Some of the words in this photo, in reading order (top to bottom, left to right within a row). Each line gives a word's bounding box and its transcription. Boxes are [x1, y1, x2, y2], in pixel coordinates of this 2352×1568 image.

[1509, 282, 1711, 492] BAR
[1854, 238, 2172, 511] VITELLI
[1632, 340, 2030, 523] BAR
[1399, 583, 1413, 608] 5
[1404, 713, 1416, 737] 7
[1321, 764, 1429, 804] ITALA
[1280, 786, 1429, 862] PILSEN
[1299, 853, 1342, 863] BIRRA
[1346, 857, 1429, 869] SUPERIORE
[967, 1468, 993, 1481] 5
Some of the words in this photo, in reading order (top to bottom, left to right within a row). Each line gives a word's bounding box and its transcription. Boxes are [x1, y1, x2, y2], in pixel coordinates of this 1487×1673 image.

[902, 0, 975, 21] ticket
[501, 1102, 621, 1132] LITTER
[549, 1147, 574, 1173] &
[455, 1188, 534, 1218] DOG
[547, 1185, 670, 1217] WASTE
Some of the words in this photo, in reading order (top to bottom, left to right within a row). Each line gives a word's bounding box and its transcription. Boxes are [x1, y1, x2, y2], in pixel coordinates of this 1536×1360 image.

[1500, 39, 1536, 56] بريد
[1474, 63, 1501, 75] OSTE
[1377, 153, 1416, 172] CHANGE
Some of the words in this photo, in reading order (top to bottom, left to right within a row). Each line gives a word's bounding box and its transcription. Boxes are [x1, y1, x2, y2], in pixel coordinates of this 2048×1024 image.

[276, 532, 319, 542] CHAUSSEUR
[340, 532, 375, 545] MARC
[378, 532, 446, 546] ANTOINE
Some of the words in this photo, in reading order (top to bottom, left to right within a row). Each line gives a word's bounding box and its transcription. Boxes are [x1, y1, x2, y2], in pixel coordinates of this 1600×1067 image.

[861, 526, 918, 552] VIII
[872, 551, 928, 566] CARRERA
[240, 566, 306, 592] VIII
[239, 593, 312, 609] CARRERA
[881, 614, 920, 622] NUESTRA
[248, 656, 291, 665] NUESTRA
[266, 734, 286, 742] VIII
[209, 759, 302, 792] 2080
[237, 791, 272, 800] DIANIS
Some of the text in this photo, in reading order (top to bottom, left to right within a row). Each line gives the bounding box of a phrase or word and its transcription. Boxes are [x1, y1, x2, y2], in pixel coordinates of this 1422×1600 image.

- - -

■ What you will do ■
An exact copy of all the records above is the required answer.

■ Your response ■
Some of the words in this photo, in reading order (top to bottom, left to right within a row). Each line gives a word's bounding box and its transcription. Boxes are [x1, y1, x2, y2], in pixel coordinates of this 2352×1568 image.

[1509, 282, 1711, 492] BAR
[1854, 238, 2172, 511] VITELLI
[1632, 340, 2030, 523] BAR
[1399, 583, 1413, 608] 5
[1404, 713, 1416, 737] 7
[1321, 764, 1429, 804] ITALA
[1280, 786, 1429, 862] PILSEN
[1299, 853, 1342, 863] BIRRA
[1346, 857, 1429, 869] SUPERIORE
[967, 1468, 993, 1481] 5
Some of the words in this photo, in reading order (top to bottom, left to right within a row). Each line gives a word's bounding box and its transcription. Boxes are [x1, y1, x2, y2], in pixel coordinates of this 1487×1673 image.

[902, 0, 975, 21] ticket
[501, 1102, 621, 1132] LITTER
[549, 1147, 574, 1173] &
[455, 1188, 534, 1218] DOG
[547, 1185, 670, 1217] WASTE
Some of the words in this photo, in reading order (top to bottom, left to right within a row). Each line gives a word's bounding box and its transcription. Boxes are [x1, y1, x2, y2], in pixel coordinates of this 1536×1360 image.

[1500, 39, 1536, 56] بريد
[1474, 63, 1501, 75] OSTE
[1377, 153, 1416, 172] CHANGE
Some of the words in this photo, in reading order (top to bottom, left to right within a row). Each line gives a word's bounding box and its transcription. Boxes are [x1, y1, x2, y2], in pixel coordinates of this 2048×1024 image.

[276, 532, 319, 542] CHAUSSEUR
[340, 532, 375, 545] MARC
[378, 532, 446, 546] ANTOINE
Some of the words in this photo, in reading order (top to bottom, left to right within a row). Each line gives a word's bounding box and its transcription. Boxes are [x1, y1, x2, y2], in pixel coordinates of this 1600×1067 image.

[861, 526, 918, 552] VIII
[872, 551, 928, 566] CARRERA
[240, 566, 306, 592] VIII
[239, 593, 312, 609] CARRERA
[881, 614, 920, 622] NUESTRA
[248, 656, 291, 665] NUESTRA
[266, 734, 286, 742] VIII
[209, 759, 302, 792] 2080
[237, 791, 272, 800] DIANIS
Some of the text in this photo, in reading order (top to bottom, left to right within a row). Each line gives the bounding box of a phrase or word and its transcription. Boxes are [x1, y1, x2, y2], in pixel coordinates of this 1422×1600 image.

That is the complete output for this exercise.